If one element of the BJP electoral strategy in west UP rests on religious polarisation, the other more central element across the state rests on consolidation of non-Yadav OBC castes. Except announcing an OBC face as CM candidate, the party has done all that is possible to woo the constituency. And it is paying dividends as these caste groups consolidate behind the party.

The strategy

The first hint of this strategy had come in the Lok Sabha polls - 26 of 28 BJP OBC candidates won.

It then appeared when Maurya, an otherwise unknown first time MP from Phulpur, was handpicked by Amit Shah to become the state party president. He had been close to the VHP supremo Ashok Singhal and but the more obvious qualification was caste. Maurya represented the non-Yadav OBC castes, small and scattered across the state but around 30% when taken together.

It then got reflected in the appointment of district presidents — in Saharanpur, for instance, the head belongs to the Kashyap caste.

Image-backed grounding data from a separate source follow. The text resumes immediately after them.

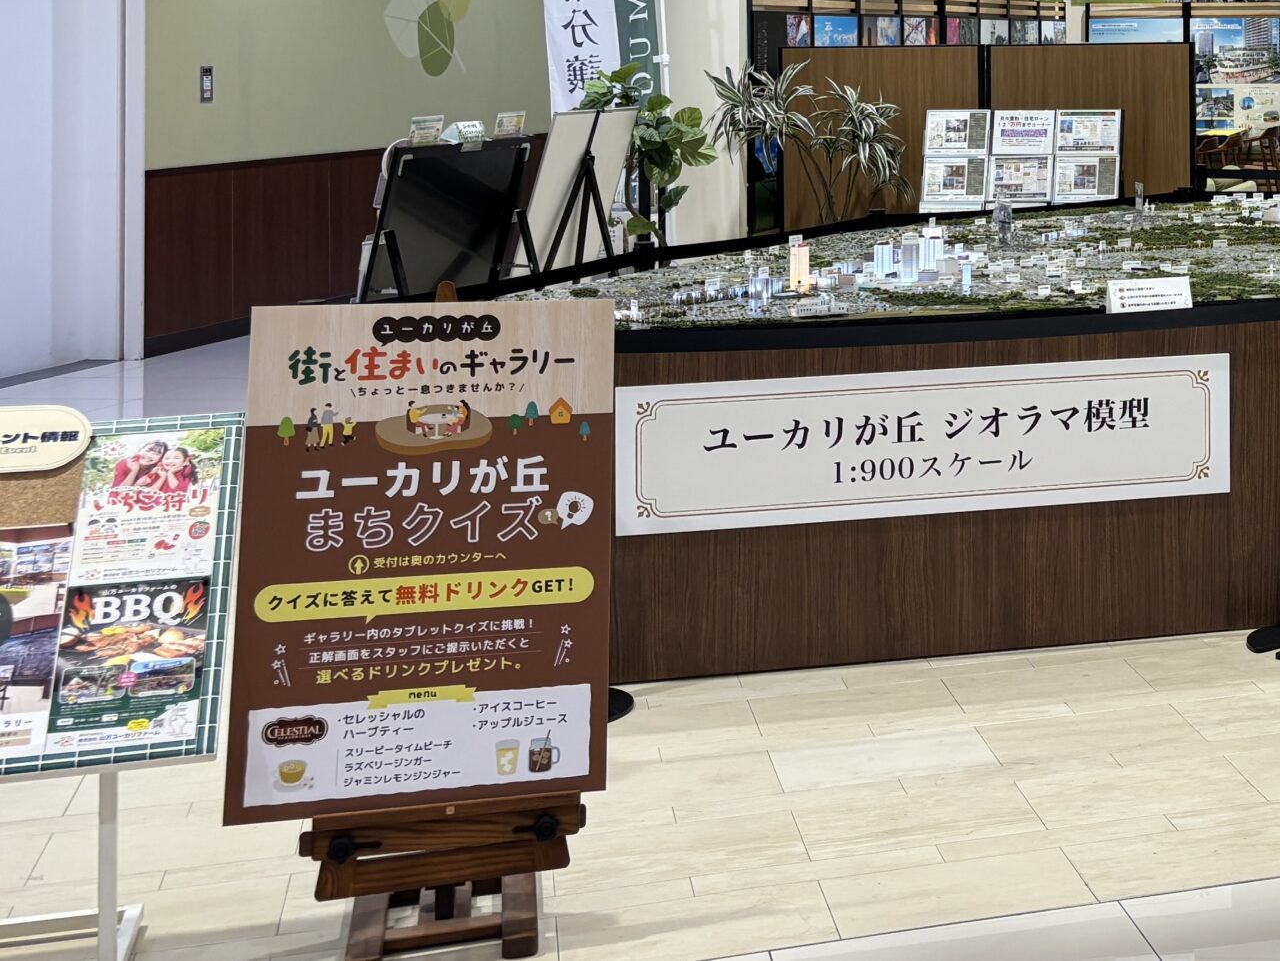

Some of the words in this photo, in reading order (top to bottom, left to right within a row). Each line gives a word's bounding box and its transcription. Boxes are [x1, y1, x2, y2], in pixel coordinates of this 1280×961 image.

[380, 321, 494, 337] ユーカリが丘
[288, 346, 576, 386] 街と住まいのギャラリー
[357, 381, 516, 397] ちょっと一息つきませんか？
[702, 409, 927, 454] ユーカリが丘
[944, 396, 1152, 441] ジオラマ模型
[295, 454, 549, 500] ユーカリが丘
[832, 449, 1034, 485] 1:900スケール
[305, 495, 543, 552] まちクイズ
[373, 552, 507, 570] 受付は奥のカウンターへ
[92, 591, 185, 626] BBQ
[303, 618, 534, 644] ギャラリー内のタブレットクイズに挑戦！
[308, 636, 529, 664] 正解画面をスタッフにご提示いただくと
[315, 655, 523, 685] 選べるドリンクプレゼント。
[266, 724, 322, 740] CELESTIAL
[343, 724, 414, 740] ハーブティー

Over 30 district chiefs are from OBC or SCs .

And most crucially, it got reflected in ticket distribution. Back in his chopper, Maurya says, “Over 125 OBCs have got tickets. This is the first time BJP has given so many tickets to these groups.”

But when asked why it has not announced an OBC CM face, maybe Maurya himself, he replies, with a smile, “Every BJP worker is a CM face.”

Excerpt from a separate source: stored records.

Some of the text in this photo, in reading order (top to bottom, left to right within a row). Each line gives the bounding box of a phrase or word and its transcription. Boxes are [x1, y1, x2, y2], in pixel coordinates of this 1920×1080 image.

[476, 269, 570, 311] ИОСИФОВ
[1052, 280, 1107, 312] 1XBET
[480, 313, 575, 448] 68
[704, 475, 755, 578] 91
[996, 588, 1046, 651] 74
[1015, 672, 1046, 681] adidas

But he adds that so many tickets being given means they will have substantial participation in state’s power structure . The BJP believes this constituency feels unrepresented. “They voted for SP but only one group benefited. Mayawati also privileges only one group. People are angry,” explains Maurya. Unlike Bihar, where Nitish Kumar channeled the aspirations of non-Yadav OBC groups, seething at Yadav domination, there is no such leader in UP. The BJP hopes to fill that gap.

There is history too. Chandra Mohan, a BJP state spokesperson says that in the early 90s, BJP had combined Hindutva with Kalyan Singh as the face— Singh came from the Lodh community, another non Yadav OBC group. This was the period when the party was most successful.

But then OBCs began shifting to SP and BSP. “These castes also are pro- Hindu castes in orientation. We have brought them back this time.”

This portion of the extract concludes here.